Your goal
Line by line, copy the entries exactly, excluding the pictures.

Data entries
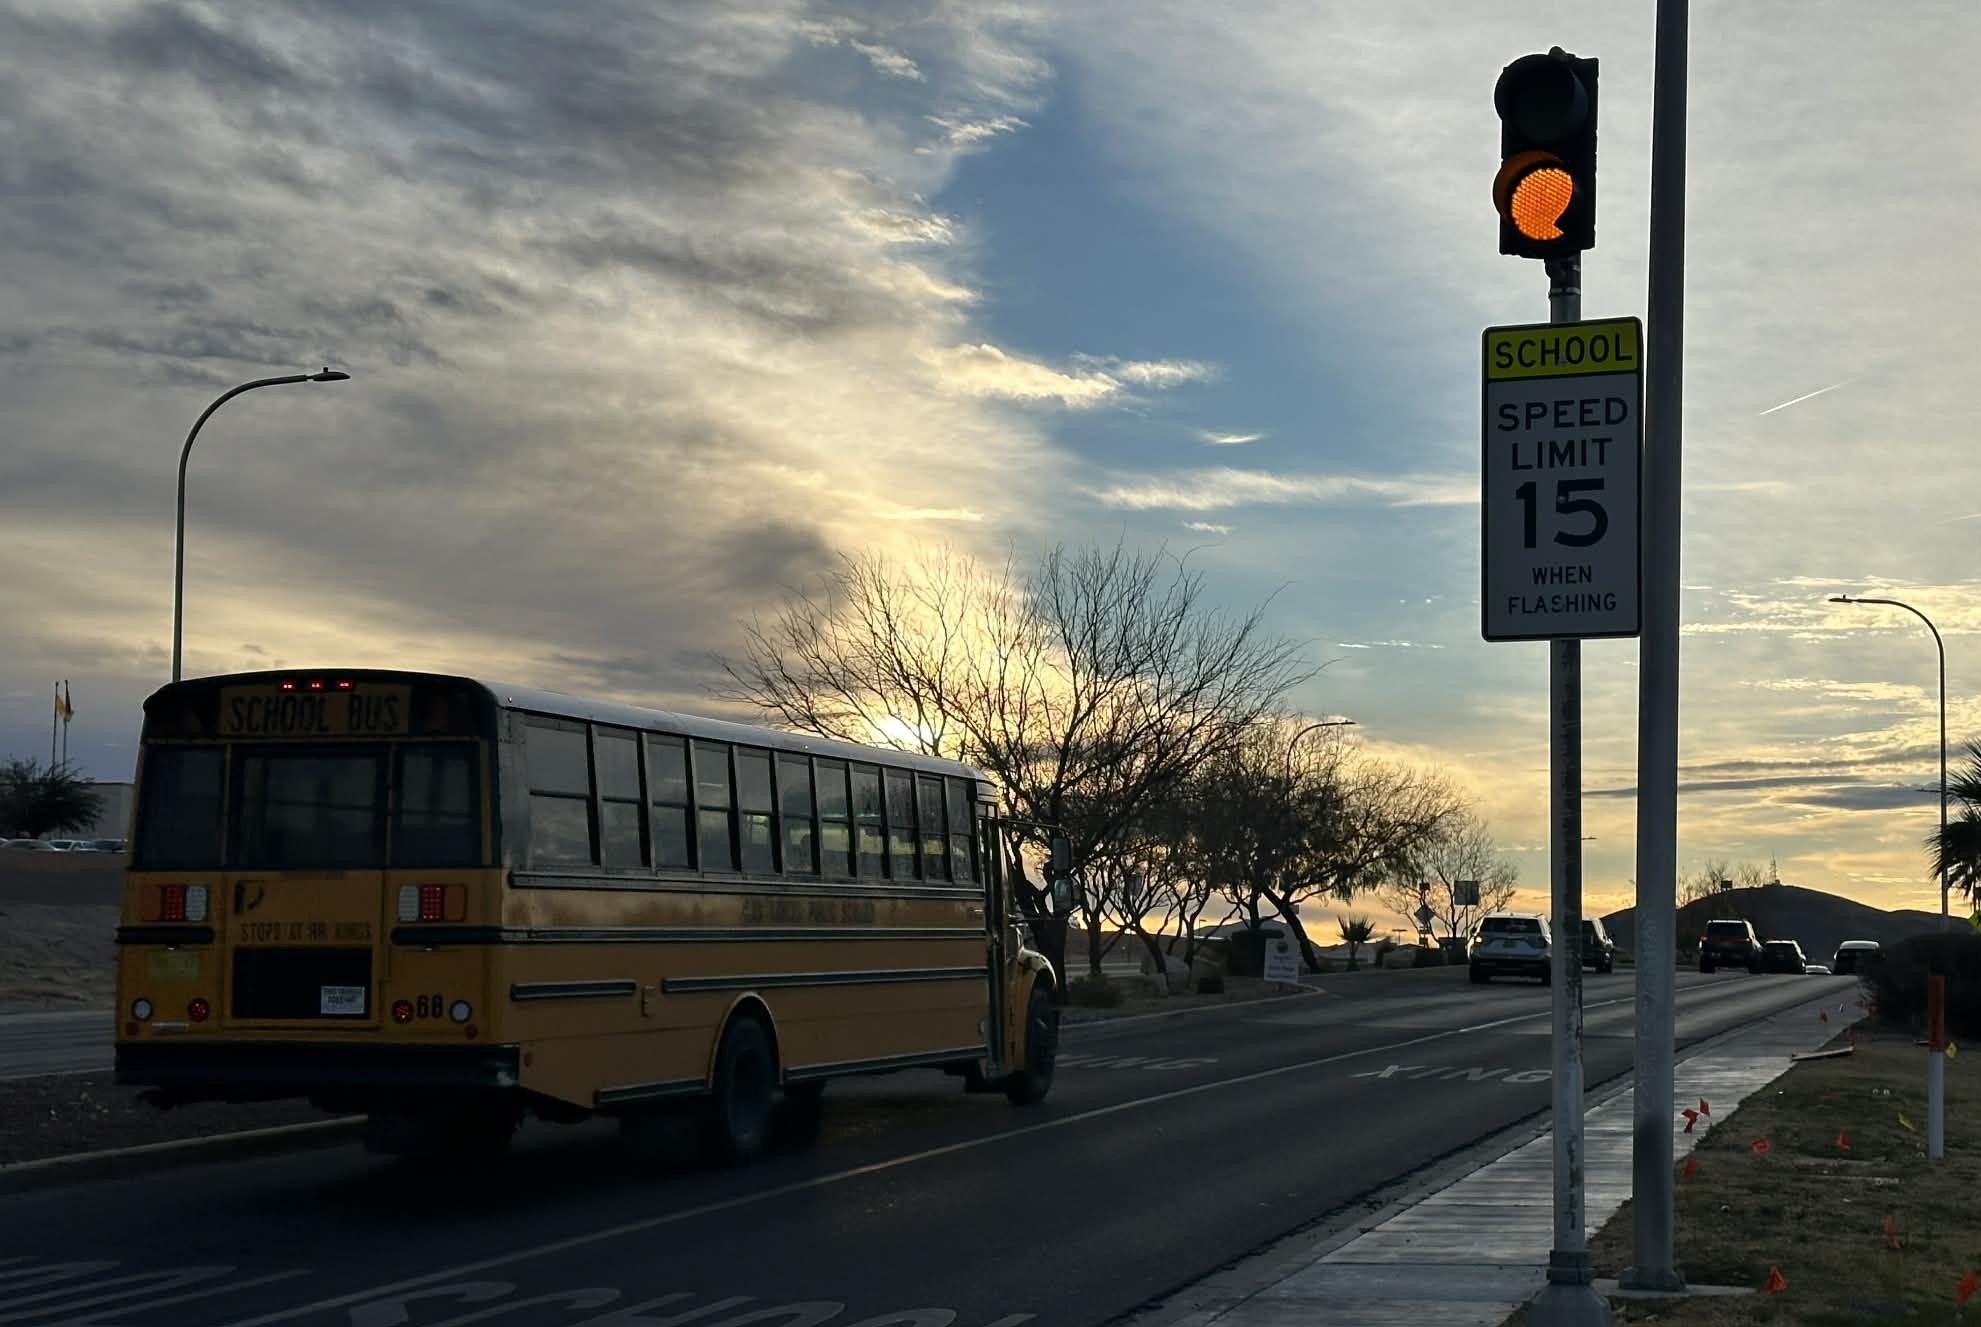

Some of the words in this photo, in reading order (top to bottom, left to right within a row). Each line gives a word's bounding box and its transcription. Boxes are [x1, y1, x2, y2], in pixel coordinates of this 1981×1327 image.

[1495, 333, 1633, 369] SCHOOL
[1498, 397, 1628, 432] SPEED
[1511, 438, 1613, 471] LIMIT
[1515, 478, 1608, 549] 15
[1532, 565, 1592, 585] WHEN
[1508, 593, 1617, 616] FLASHING
[231, 695, 330, 733] SCHOOL
[348, 694, 400, 731] BUS
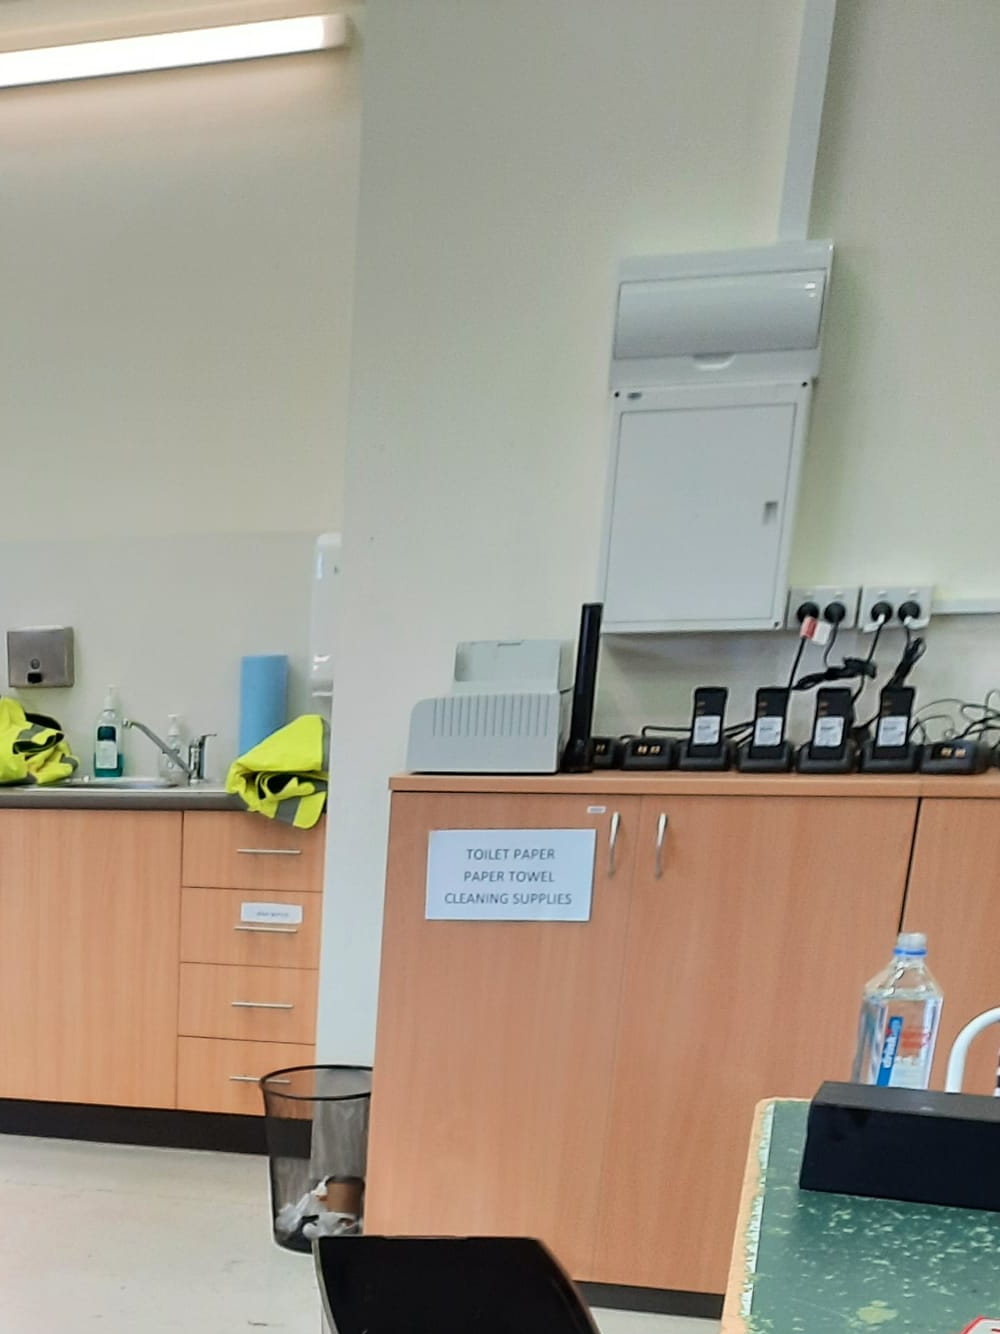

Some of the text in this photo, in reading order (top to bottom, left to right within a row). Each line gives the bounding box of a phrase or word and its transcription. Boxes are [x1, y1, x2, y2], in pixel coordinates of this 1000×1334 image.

[466, 848, 556, 861] TOILET PAPER
[463, 870, 556, 883] PAPER TOWEL
[443, 892, 573, 905] CLEANING SUPPLIES
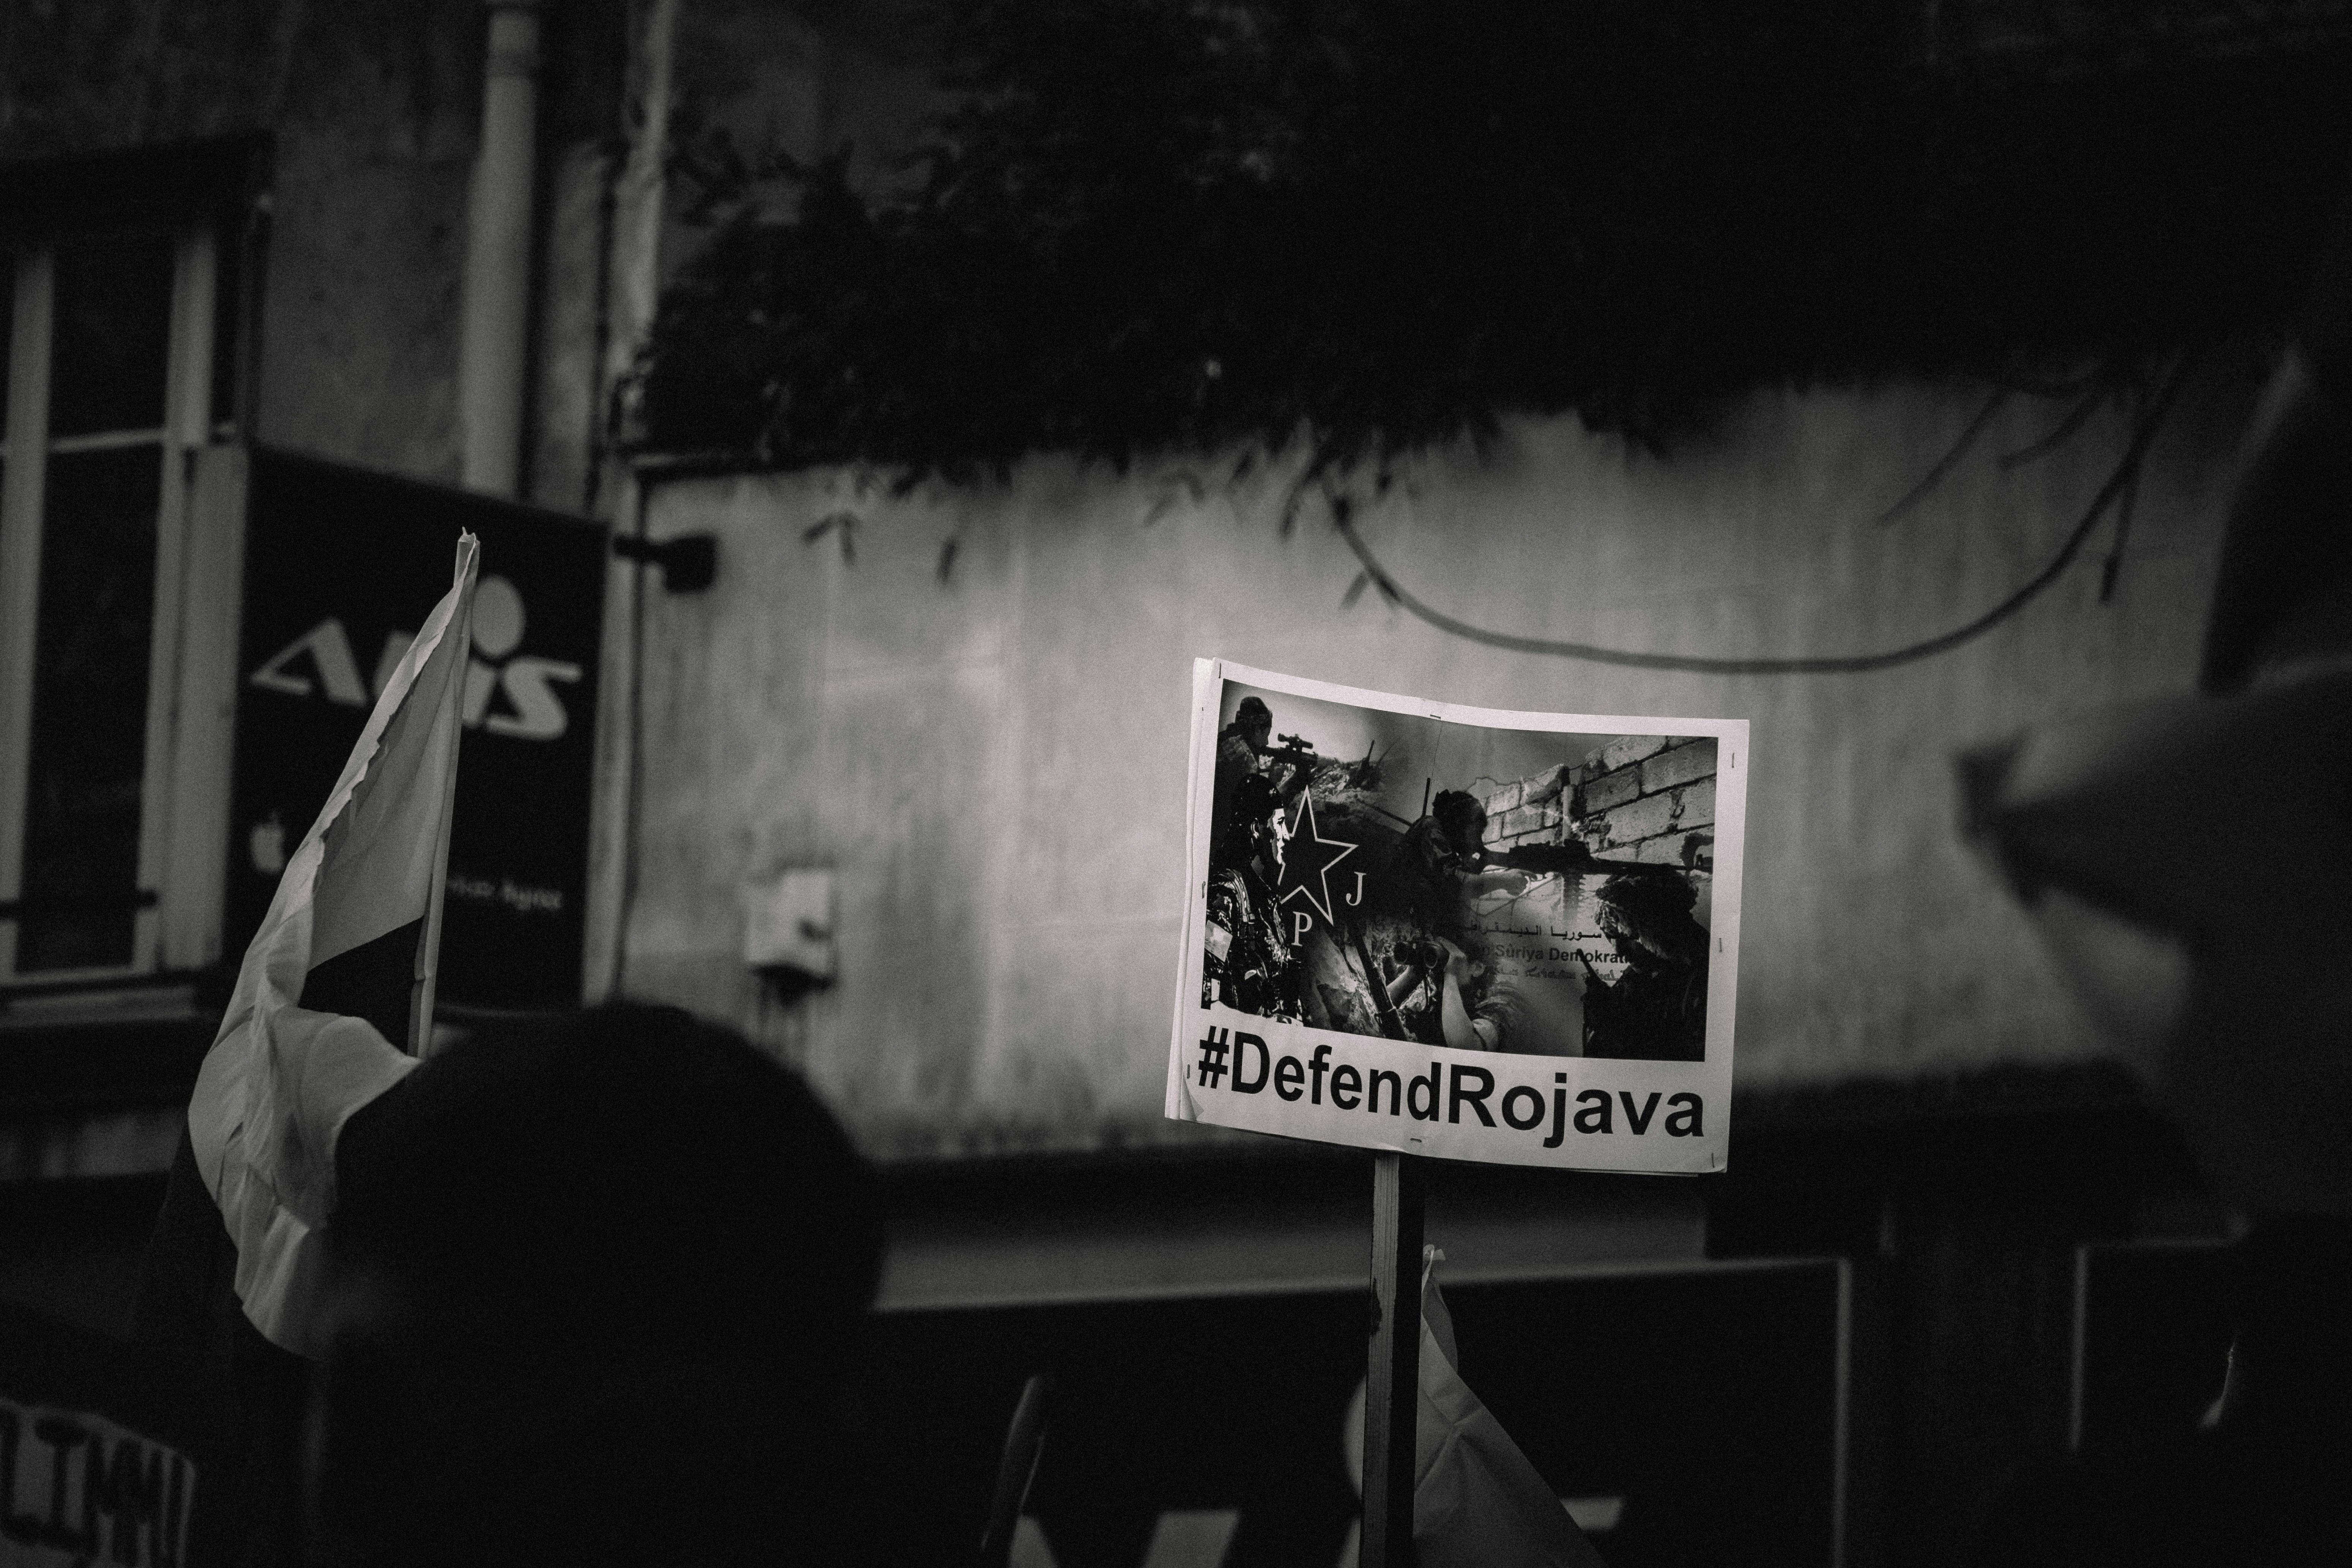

Task output
Some of the words in this photo, in reading order (top to bottom, left to right within a row). Each line gives a word's bounding box and its transcription. Boxes are [x1, y1, x2, y2], in pixel coordinates of this 1981×1327 image.

[1495, 333, 1633, 369] SCHOOL
[1498, 397, 1628, 432] SPEED
[1511, 438, 1613, 471] LIMIT
[1515, 478, 1608, 549] 15
[1532, 565, 1592, 585] WHEN
[1508, 593, 1617, 616] FLASHING
[231, 695, 330, 733] SCHOOL
[348, 694, 400, 731] BUS

Some of the text in this photo, in reading order (top to bottom, left to right within a row). Each line gives the bounding box of a phrase or word and its transcription. Boxes are [x1, y1, x2, y2], in pixel coordinates of this 1000×1334 image.

[466, 848, 556, 861] TOILET PAPER
[463, 870, 556, 883] PAPER TOWEL
[443, 892, 573, 905] CLEANING SUPPLIES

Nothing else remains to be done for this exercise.